The Forest Service has enabled the company – and its predecessors (there have been a series bottling Arrowhead water over the years) – to operate on expired permit, even during the state’s four-year drought.

Until the groups started pressuring the service, no work was done on re-issuing the permit until late last year. And even now, the effort is just getting underway.

An investigation by the Office of Inspector General in 2011 uncovered the reason why expired permits are rampant in national forests: the Forest Service doesn’t have enough personnel to do the job.

The service is sitting on more than 4,500 expired permits, including around 1,200 that involve water, because it doesn’t have enough funding to review and renew them.
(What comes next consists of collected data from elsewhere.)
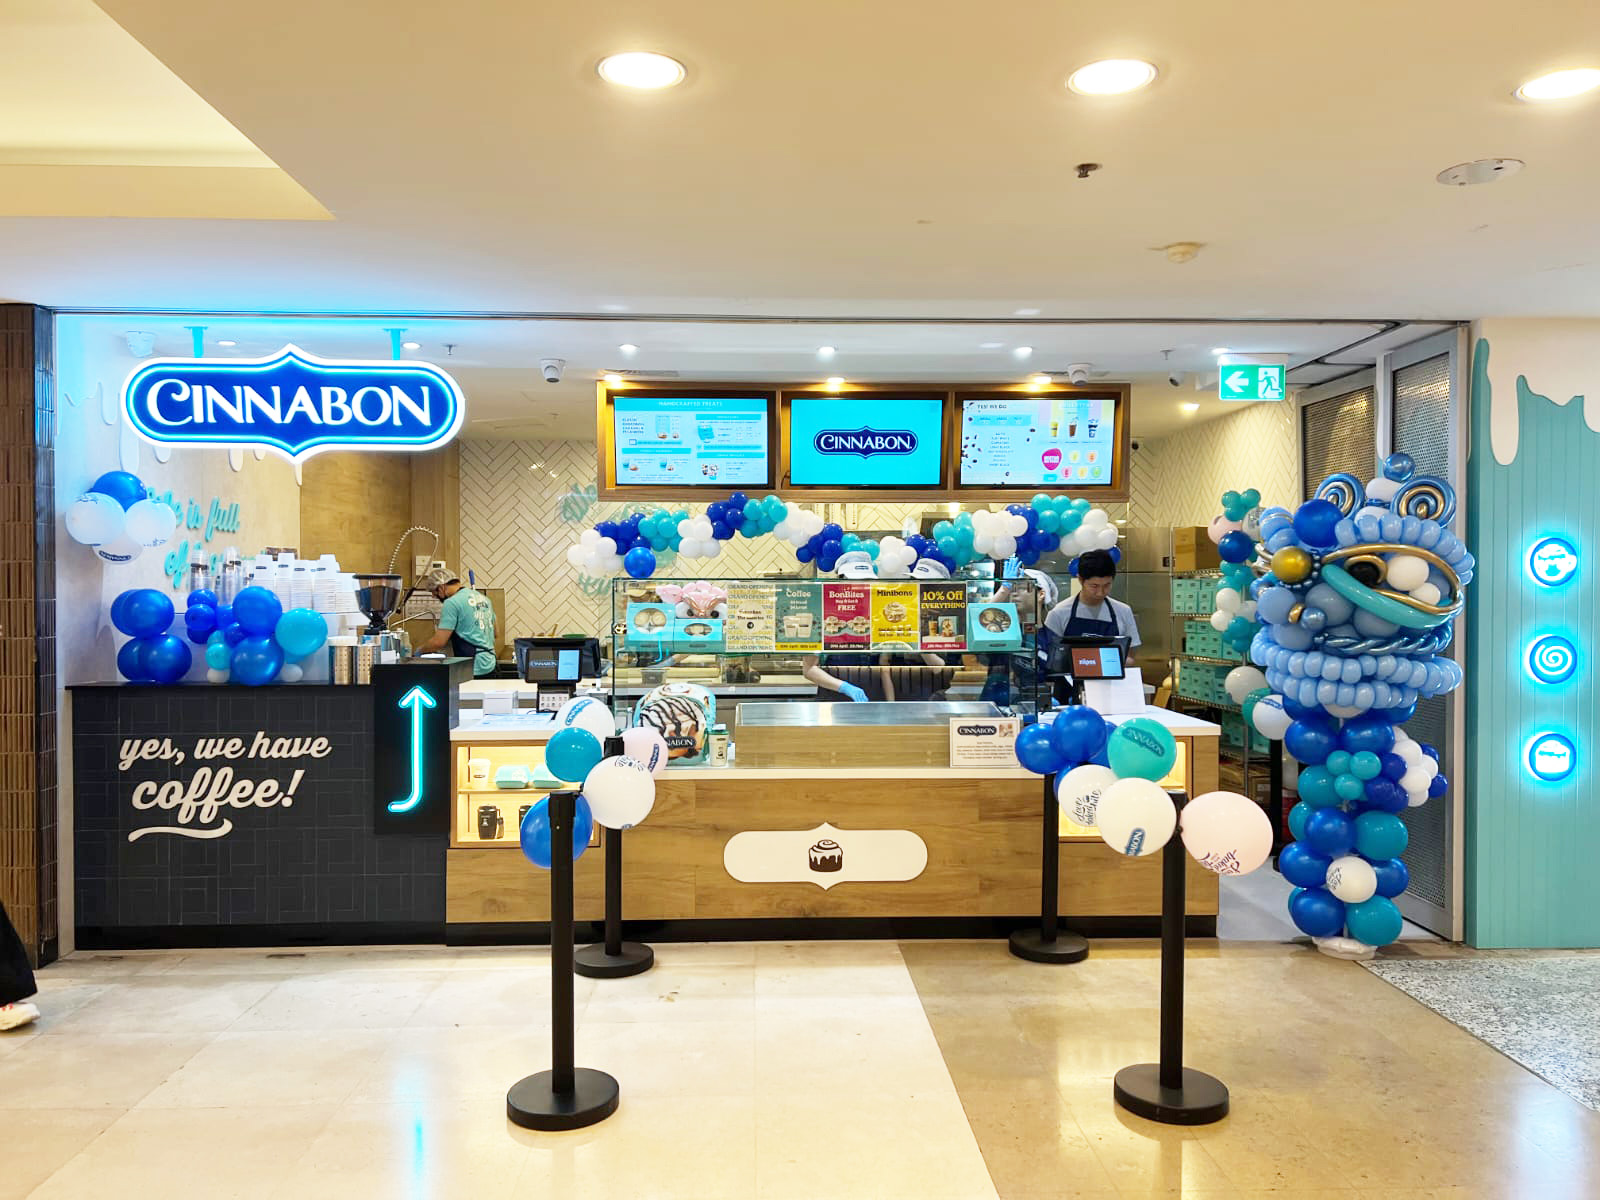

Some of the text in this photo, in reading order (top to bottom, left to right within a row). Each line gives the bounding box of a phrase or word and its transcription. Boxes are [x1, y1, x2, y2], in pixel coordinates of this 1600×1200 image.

[147, 378, 432, 427] CINNABON
[820, 434, 911, 450] CINNABON
[829, 590, 865, 598] BonBites
[923, 590, 964, 601] 10% Off
[118, 731, 332, 771] yes, we have
[131, 766, 305, 824] coffee!
The Inspector General also found that six of the nine Forest Service regions – including the one that oversees the San Bernardino National Forest – haven’t updated their fees to reflect fair market values nor adjusted them for inflation. The government failed to collect $5.4 million as a result, it said.

Region 5, which encompasses California, hadn’t done a market survey or adjusted for inflation since 1988 – the year the Arrowhead permit expired.

So a multinational food-and-beverage company like Nestlé pays a pittance for California’s precious water, and the government allows the squandering of a scarce public resource because it can’t afford to process permits.

Who wouldn’t like to pay 1988 prices? If you could buy groceries and gasoline at 1988 prices today, you’d have a lot more money in your wallet. Right?